▶ YOUR OBJECTIVE: Strip the pictures, then copy the remaining data exactly as it stands.

▶ PROVIDED RECORDS:
□ □ □ □ □ □ □

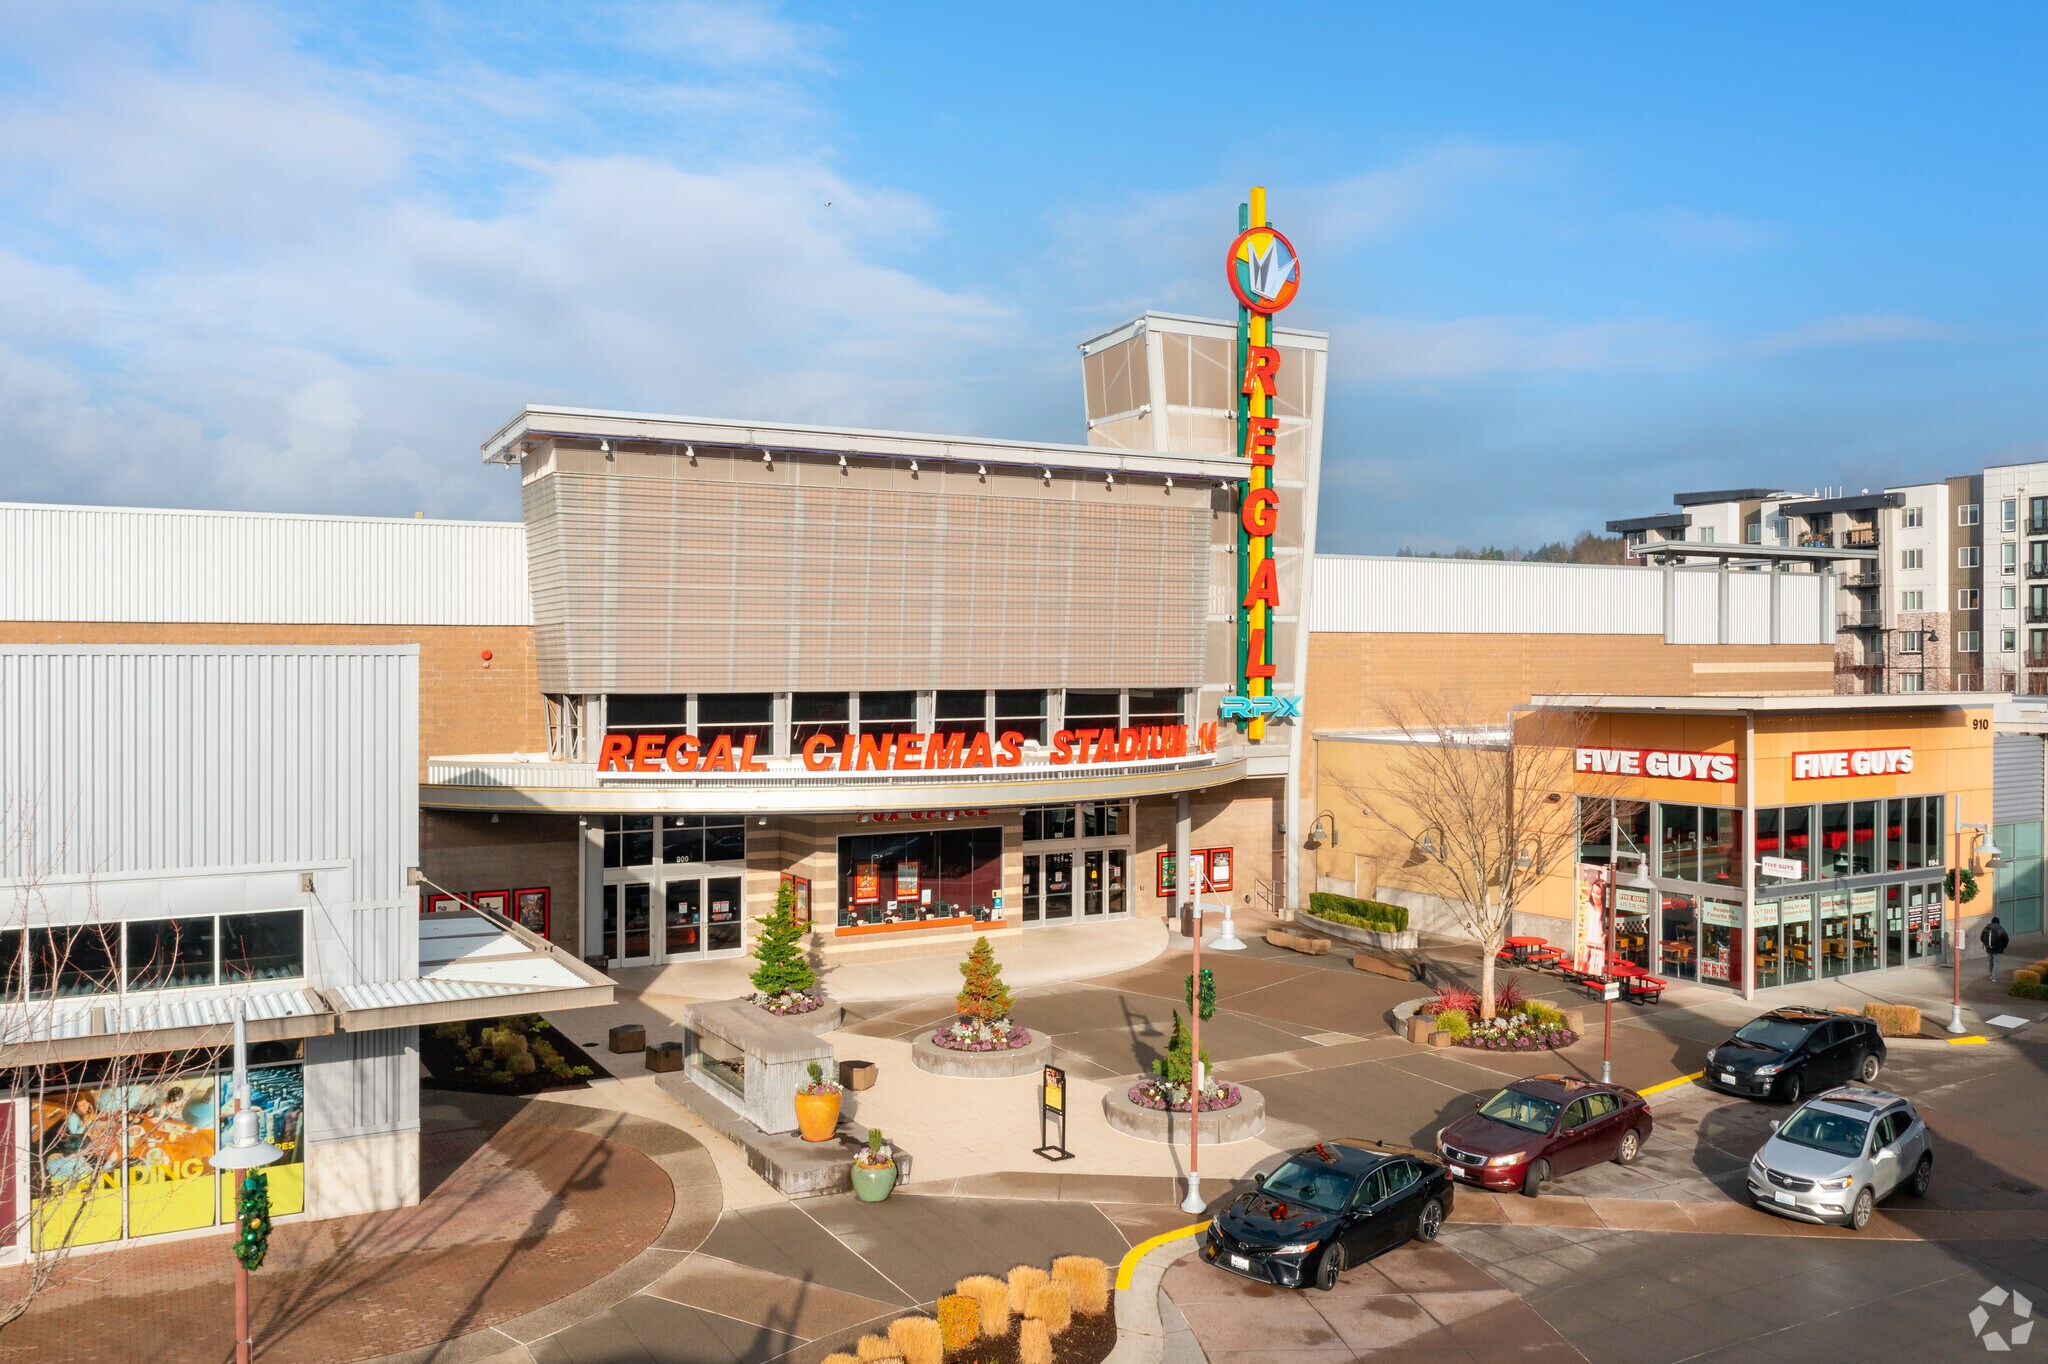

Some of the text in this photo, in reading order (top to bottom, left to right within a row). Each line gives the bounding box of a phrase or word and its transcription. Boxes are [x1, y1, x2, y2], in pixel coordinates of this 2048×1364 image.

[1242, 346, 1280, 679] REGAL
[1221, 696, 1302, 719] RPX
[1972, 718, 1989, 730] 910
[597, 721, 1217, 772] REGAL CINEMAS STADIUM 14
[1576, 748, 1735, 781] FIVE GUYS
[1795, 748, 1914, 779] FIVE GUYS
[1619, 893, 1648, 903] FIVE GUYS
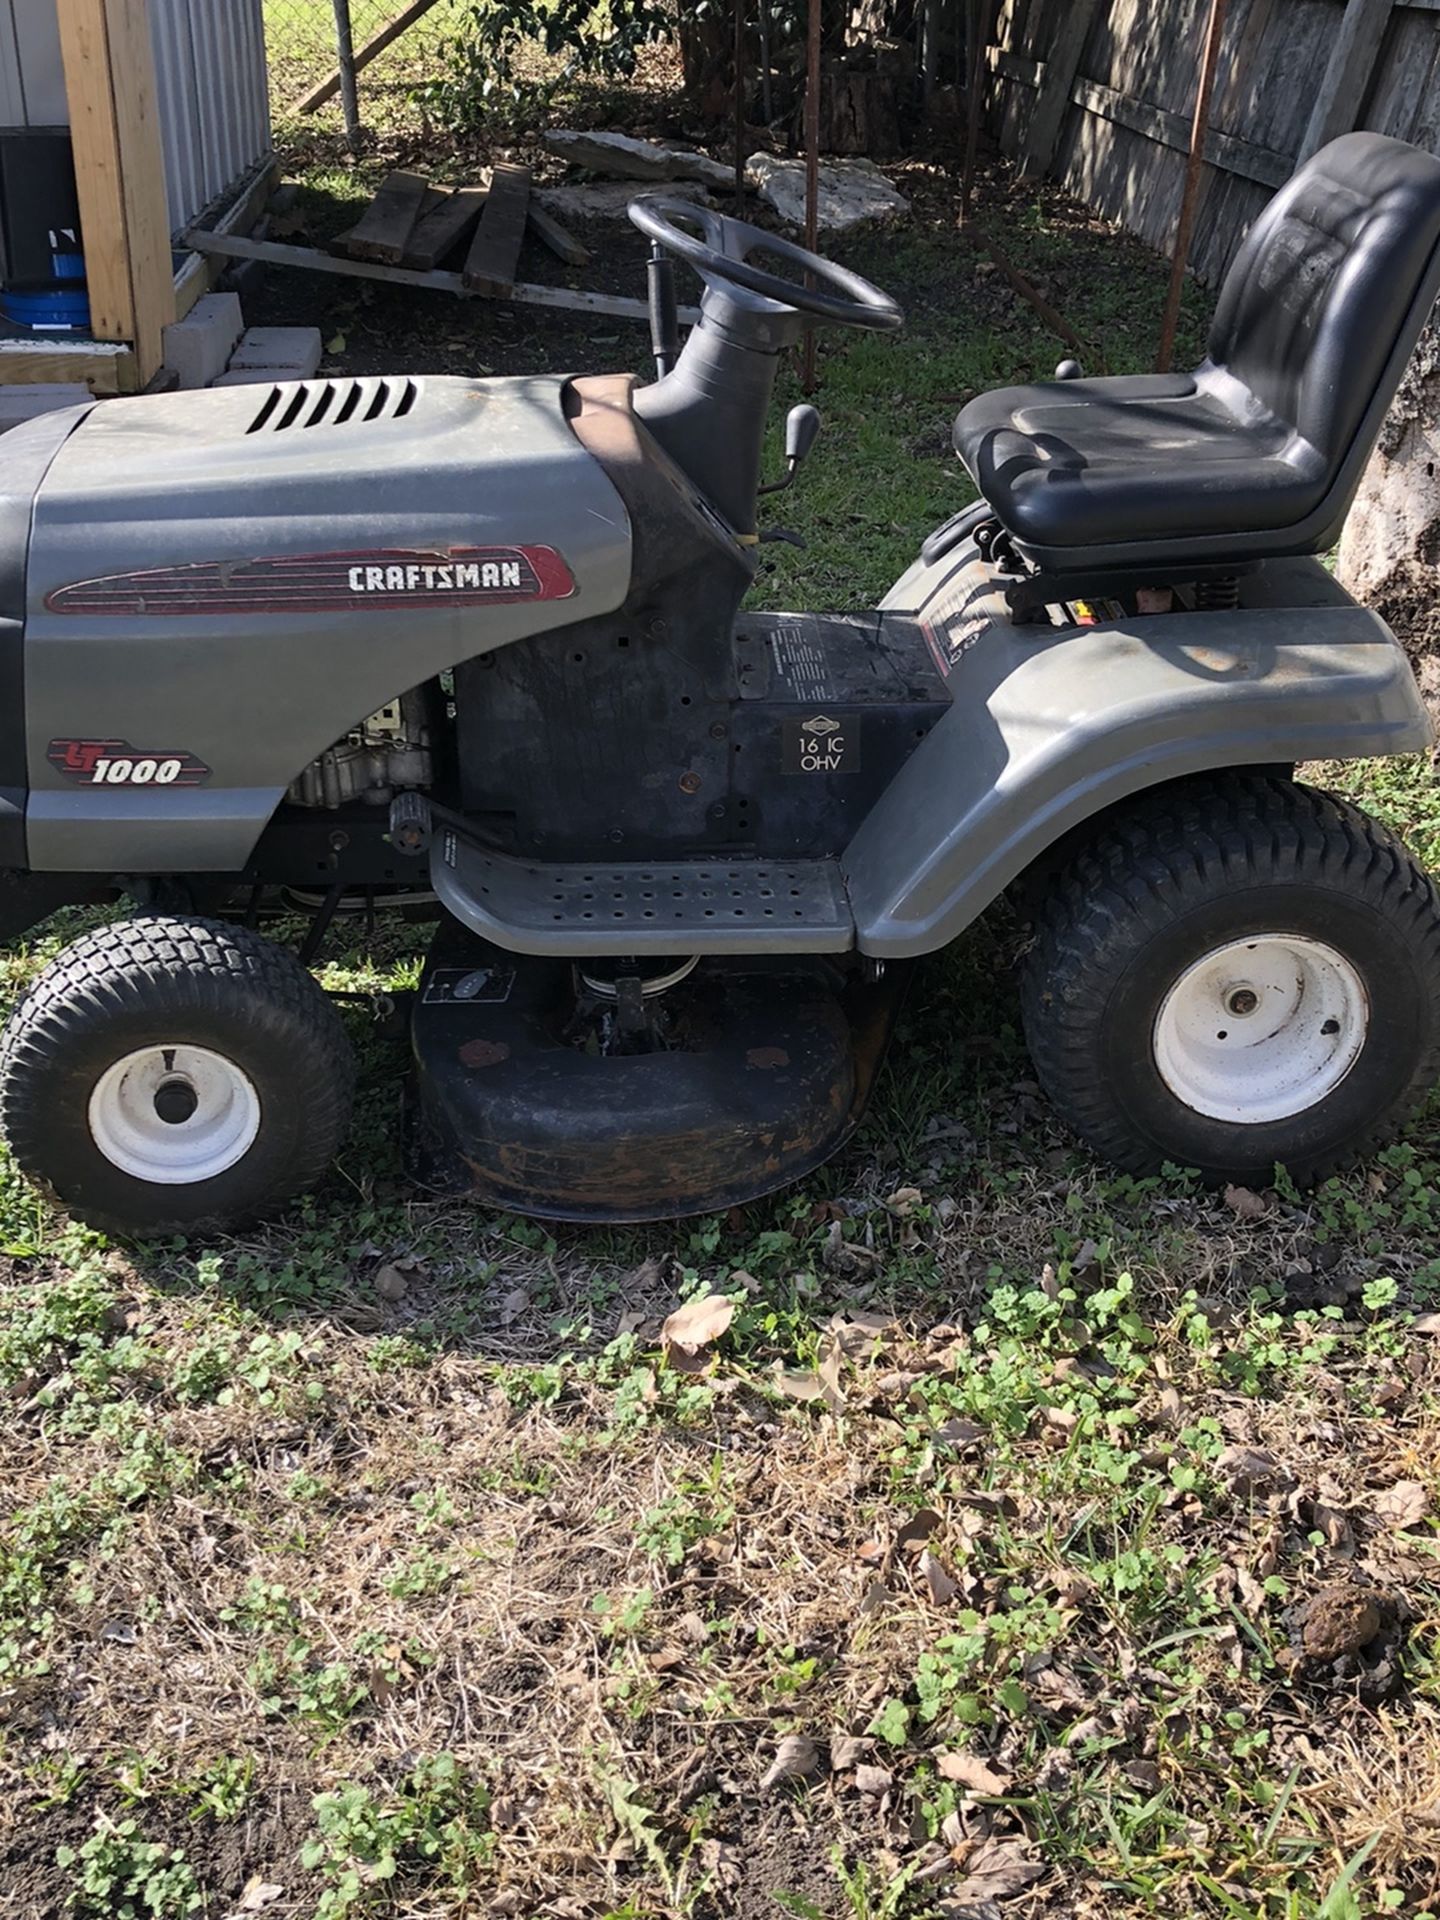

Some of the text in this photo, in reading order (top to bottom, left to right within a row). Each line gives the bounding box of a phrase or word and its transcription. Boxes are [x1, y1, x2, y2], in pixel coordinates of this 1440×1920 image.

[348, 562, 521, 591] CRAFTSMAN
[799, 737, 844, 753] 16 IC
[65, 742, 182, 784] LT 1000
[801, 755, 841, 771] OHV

□ □ □ □ □ □ □

▶ RESPONSE:
Some of the text in this photo, in reading order (top to bottom, left to right within a row). Each line gives the bounding box of a phrase or word and its transcription. Boxes are [x1, y1, x2, y2], in pixel coordinates of this 2048×1364 image.

[1242, 346, 1280, 679] REGAL
[1221, 696, 1302, 719] RPX
[1972, 718, 1989, 730] 910
[597, 721, 1217, 772] REGAL CINEMAS STADIUM 14
[1576, 748, 1735, 781] FIVE GUYS
[1795, 748, 1914, 779] FIVE GUYS
[1619, 893, 1648, 903] FIVE GUYS

Some of the text in this photo, in reading order (top to bottom, left to right within a row). Each line gives the bounding box of a phrase or word and its transcription. Boxes are [x1, y1, x2, y2], in pixel coordinates of this 1440×1920 image.

[348, 562, 521, 591] CRAFTSMAN
[799, 737, 844, 753] 16 IC
[65, 742, 182, 784] LT 1000
[801, 755, 841, 771] OHV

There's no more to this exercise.